**What is expected:** Please reproduce all the records exactly while leaving out their pictures.
Start of Records for this task
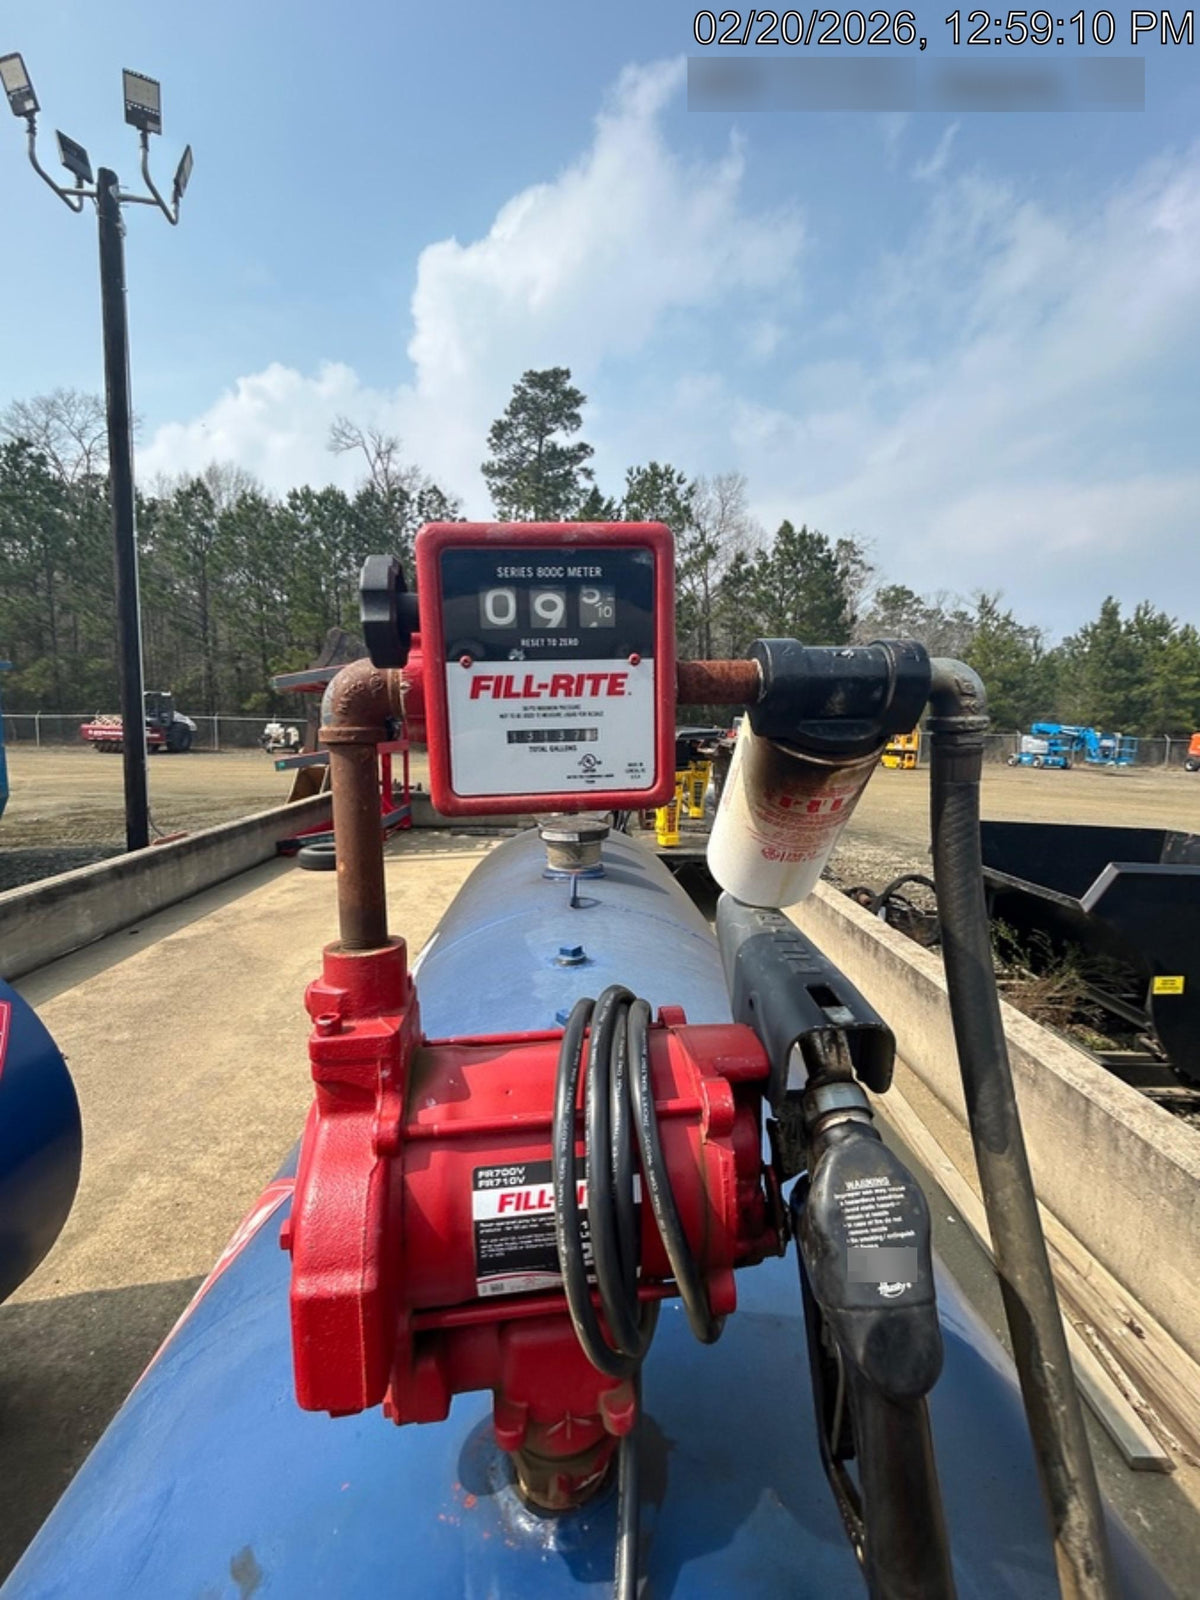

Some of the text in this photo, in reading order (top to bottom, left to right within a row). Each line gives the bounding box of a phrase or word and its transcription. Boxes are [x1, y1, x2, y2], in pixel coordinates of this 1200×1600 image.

[496, 566, 534, 578] SERIES
[567, 566, 603, 578] METER
[469, 671, 629, 700] FILL-RITE
[477, 1166, 526, 1179] FR700V
[477, 1176, 526, 1189] FR710V
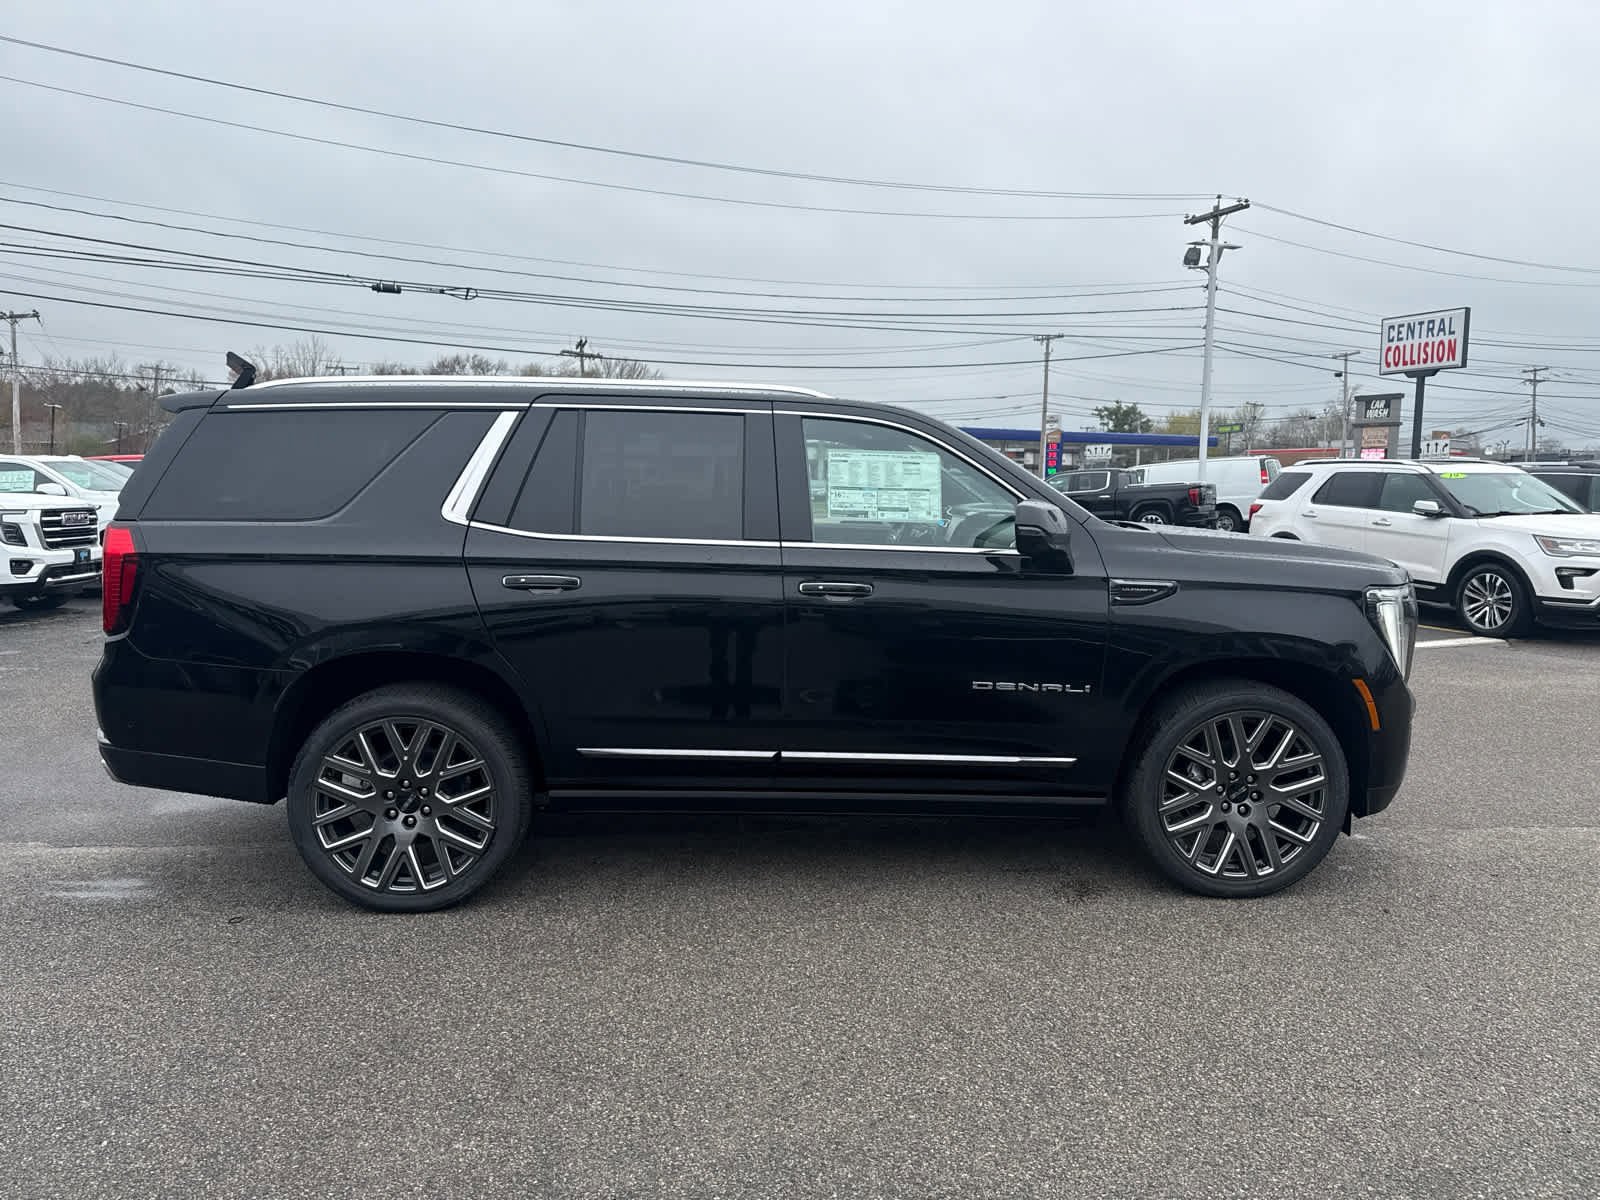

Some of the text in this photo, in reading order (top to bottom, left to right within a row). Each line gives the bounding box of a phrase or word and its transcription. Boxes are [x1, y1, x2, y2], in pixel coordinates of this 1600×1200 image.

[1387, 316, 1456, 344] CENTRAL
[1384, 338, 1457, 369] COLLISION
[1370, 399, 1386, 409] CAR
[1366, 407, 1389, 418] WASH
[971, 680, 1092, 694] DENALI
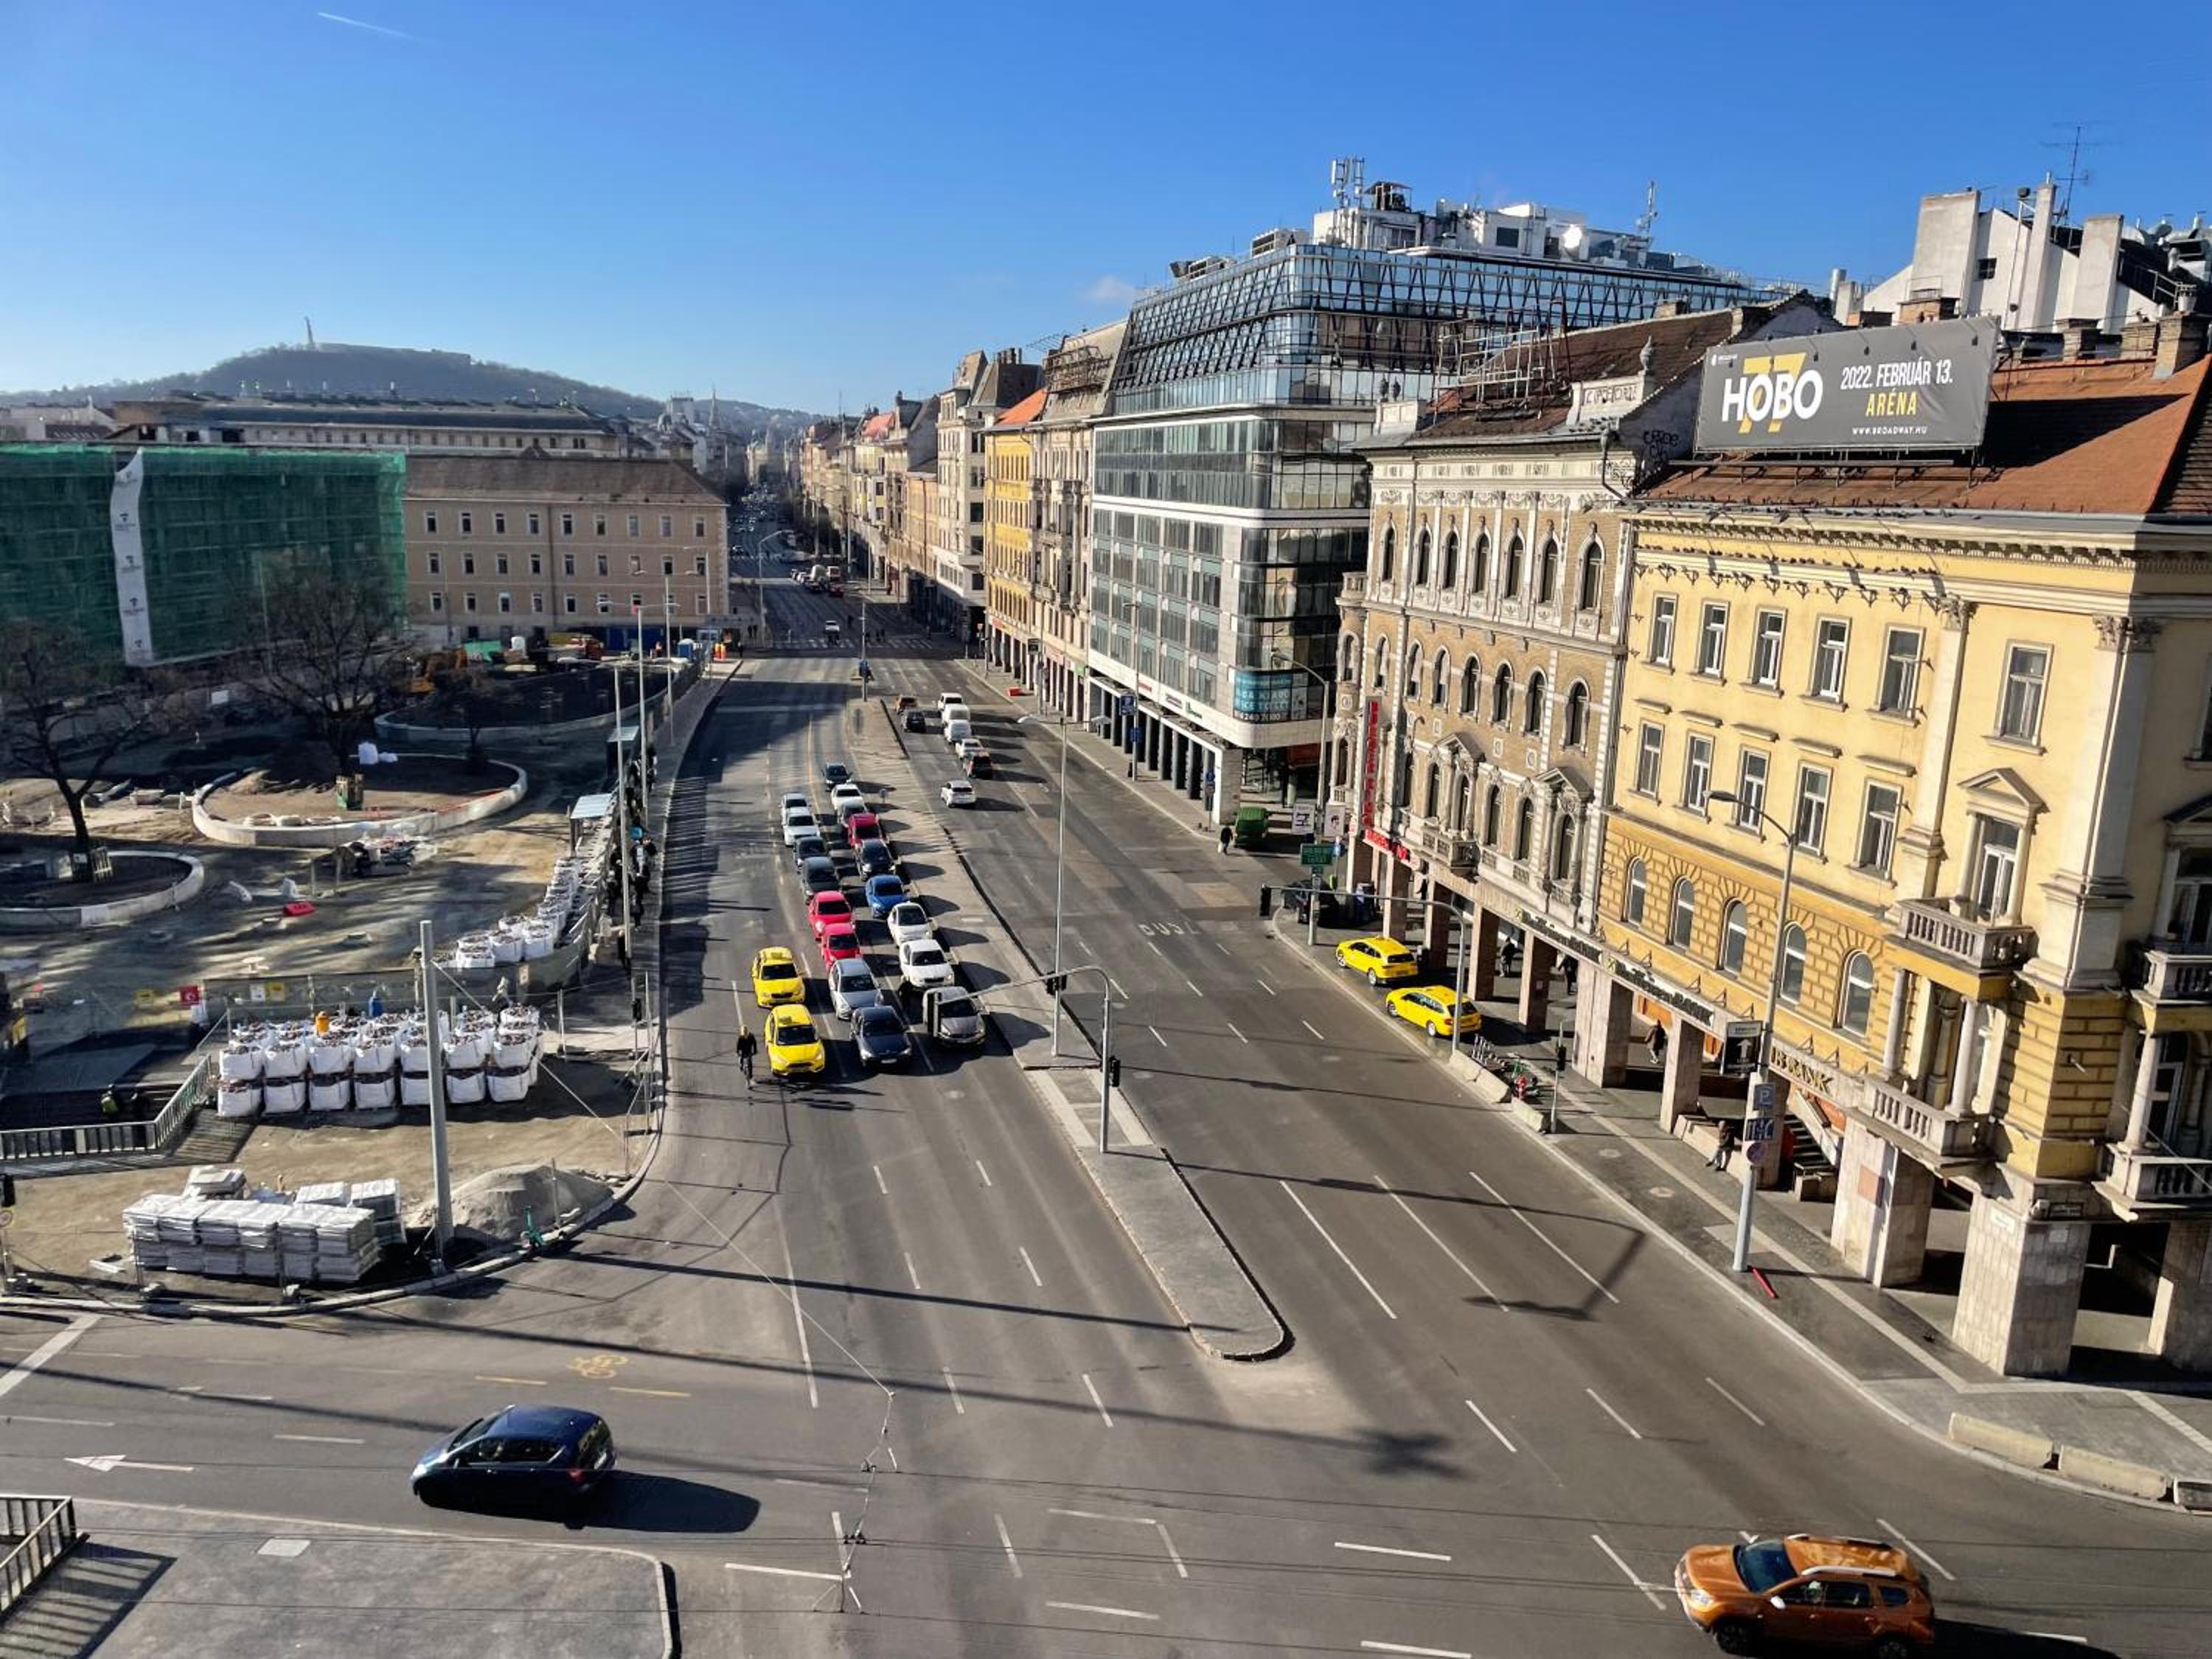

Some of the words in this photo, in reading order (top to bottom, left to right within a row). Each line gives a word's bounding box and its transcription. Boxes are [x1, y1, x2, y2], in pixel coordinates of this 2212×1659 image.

[1840, 364, 1873, 390] 2022.
[1876, 356, 1932, 387] FEBRUÁR
[1935, 359, 1953, 384] 13.
[1722, 369, 1823, 422] HOBO
[1865, 388, 1918, 417] ARÉNA
[1852, 425, 1928, 435] WWW.BROADWAY.HU
[1787, 1051, 1834, 1095] BANK
[1759, 1091, 1771, 1105] P
End of Records for this task
**Task response:**
Some of the text in this photo, in reading order (top to bottom, left to right within a row). Each line gives the bounding box of a phrase or word and its transcription. Boxes are [x1, y1, x2, y2], in pixel coordinates of this 1200×1600 image.

[496, 566, 534, 578] SERIES
[567, 566, 603, 578] METER
[469, 671, 629, 700] FILL-RITE
[477, 1166, 526, 1179] FR700V
[477, 1176, 526, 1189] FR710V

Some of the text in this photo, in reading order (top to bottom, left to right within a row). Each line gives the bounding box of a phrase or word and its transcription. Boxes are [x1, y1, x2, y2], in pixel coordinates of this 1600×1200 image.

[1387, 316, 1456, 344] CENTRAL
[1384, 338, 1457, 369] COLLISION
[1370, 399, 1386, 409] CAR
[1366, 407, 1389, 418] WASH
[971, 680, 1092, 694] DENALI

Some of the words in this photo, in reading order (top to bottom, left to right within a row). Each line gives a word's bounding box and its transcription. Boxes are [x1, y1, x2, y2], in pixel coordinates of this 2212×1659 image.

[1840, 364, 1873, 390] 2022.
[1876, 356, 1932, 387] FEBRUÁR
[1935, 359, 1953, 384] 13.
[1722, 369, 1823, 422] HOBO
[1865, 388, 1918, 417] ARÉNA
[1852, 425, 1928, 435] WWW.BROADWAY.HU
[1787, 1051, 1834, 1095] BANK
[1759, 1091, 1771, 1105] P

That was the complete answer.